(Available data)
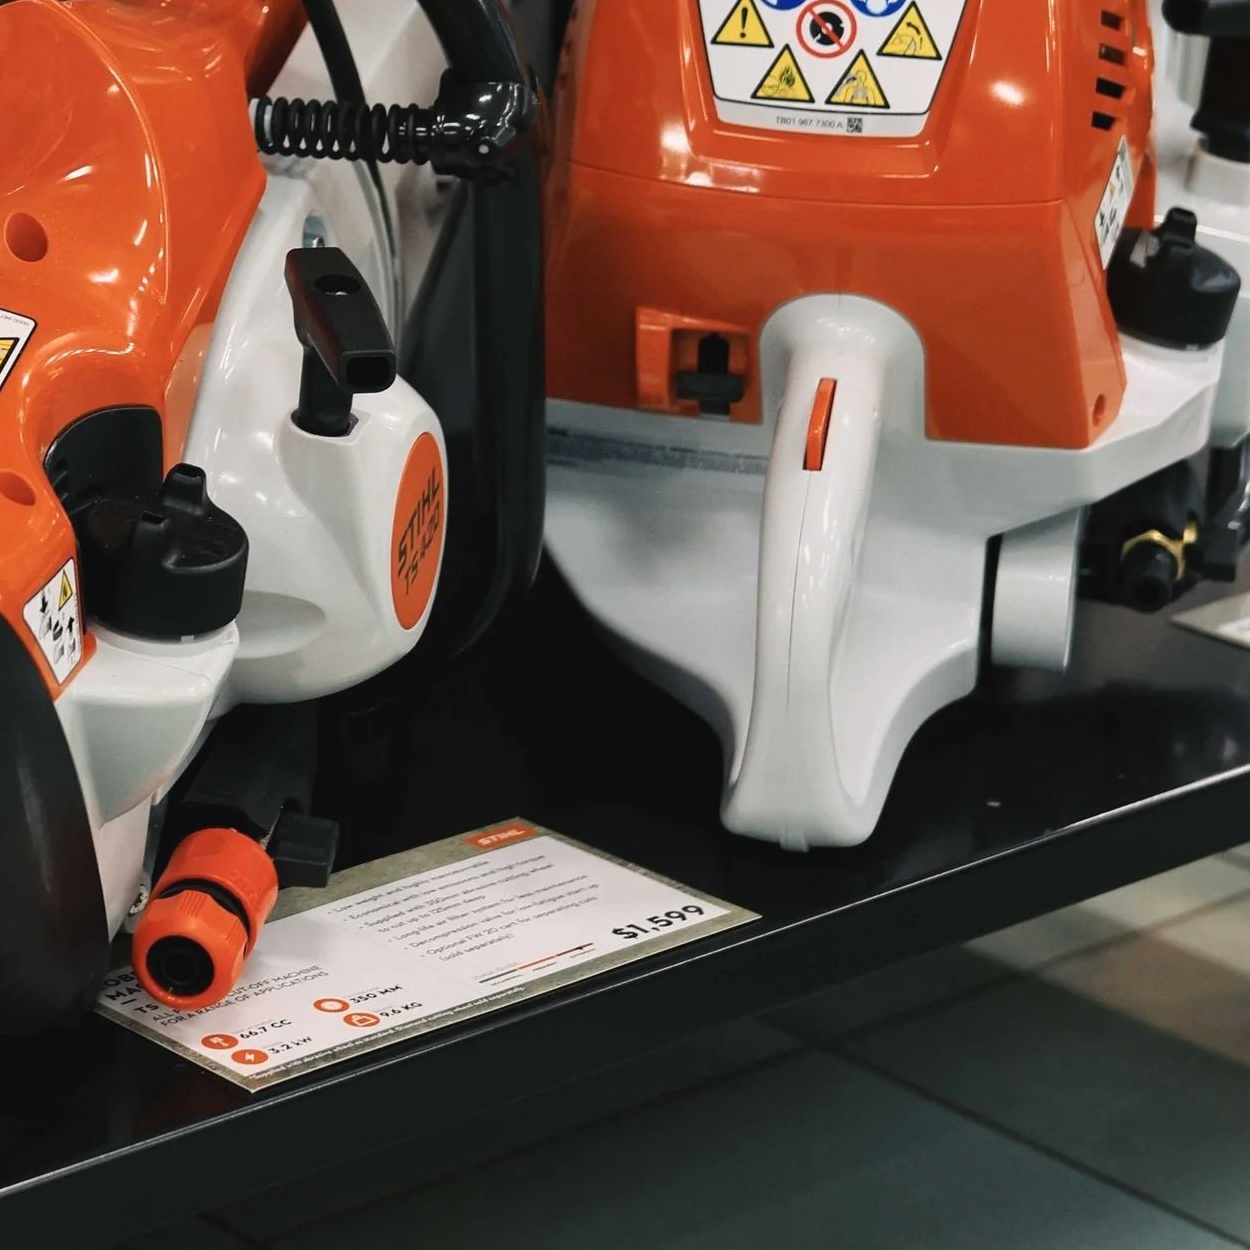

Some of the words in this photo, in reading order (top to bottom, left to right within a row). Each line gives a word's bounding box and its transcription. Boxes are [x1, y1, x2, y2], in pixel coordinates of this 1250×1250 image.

[397, 465, 441, 578] STIHL
[403, 552, 418, 596] TS
[477, 829, 525, 845] STIHL
[612, 905, 705, 939] $1,599
[152, 1012, 174, 1021] ALL
[272, 965, 323, 982] MACHINE
[160, 1015, 187, 1027] FOR
[188, 1011, 197, 1019] A
[195, 1000, 235, 1014] RANGE
[235, 993, 250, 1002] OF
[253, 971, 329, 996] APPLICATIONS
[350, 992, 377, 1003] 350
[379, 984, 403, 995] MM
[134, 1003, 159, 1013] TS
[379, 1008, 401, 1017] 9.6
[400, 1001, 423, 1010] KG
[240, 1026, 267, 1039] 66.7
[270, 1018, 292, 1028] CC
[268, 1043, 292, 1054] 3.2
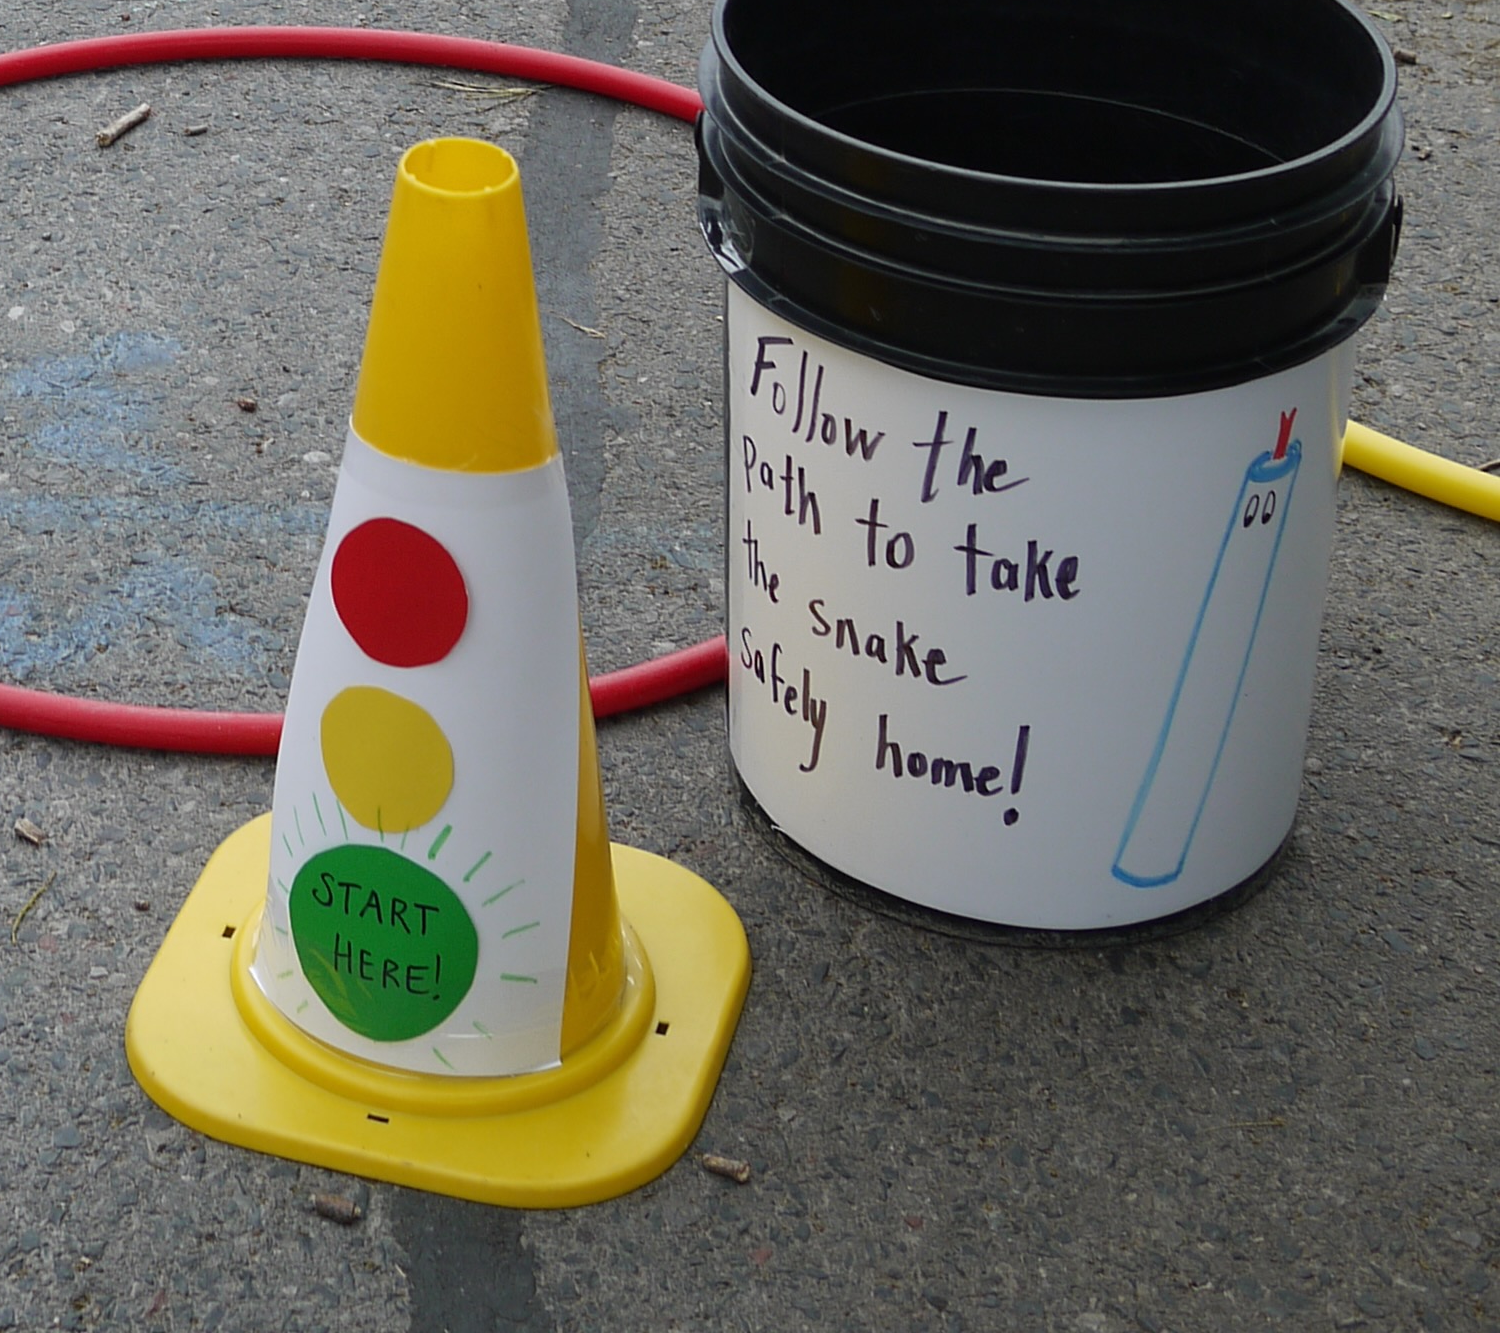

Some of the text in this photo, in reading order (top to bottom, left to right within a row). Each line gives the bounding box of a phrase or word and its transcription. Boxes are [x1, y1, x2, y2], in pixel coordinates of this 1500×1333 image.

(Assignment) Set every entry down again exactly as written, and omit the images.

(Written reply)
Some of the words in this photo, in reading order (top to bottom, left to right within a row). Each line gives a word's bounding box and its transcription. Boxes are [x1, y1, x2, y2], in pixel coordinates of this 1250×1250 image.

[397, 465, 441, 578] STIHL
[403, 552, 418, 596] TS
[477, 829, 525, 845] STIHL
[612, 905, 705, 939] $1,599
[152, 1012, 174, 1021] ALL
[272, 965, 323, 982] MACHINE
[160, 1015, 187, 1027] FOR
[188, 1011, 197, 1019] A
[195, 1000, 235, 1014] RANGE
[235, 993, 250, 1002] OF
[253, 971, 329, 996] APPLICATIONS
[350, 992, 377, 1003] 350
[379, 984, 403, 995] MM
[134, 1003, 159, 1013] TS
[379, 1008, 401, 1017] 9.6
[400, 1001, 423, 1010] KG
[240, 1026, 267, 1039] 66.7
[270, 1018, 292, 1028] CC
[268, 1043, 292, 1054] 3.2

Some of the text in this photo, in reading order (top to bottom, left to right within a row). Each line gives the bounding box of a phrase or word and its transcription. Boxes are [x1, y1, x2, y2], in pixel coordinates of this 1500×1333 image.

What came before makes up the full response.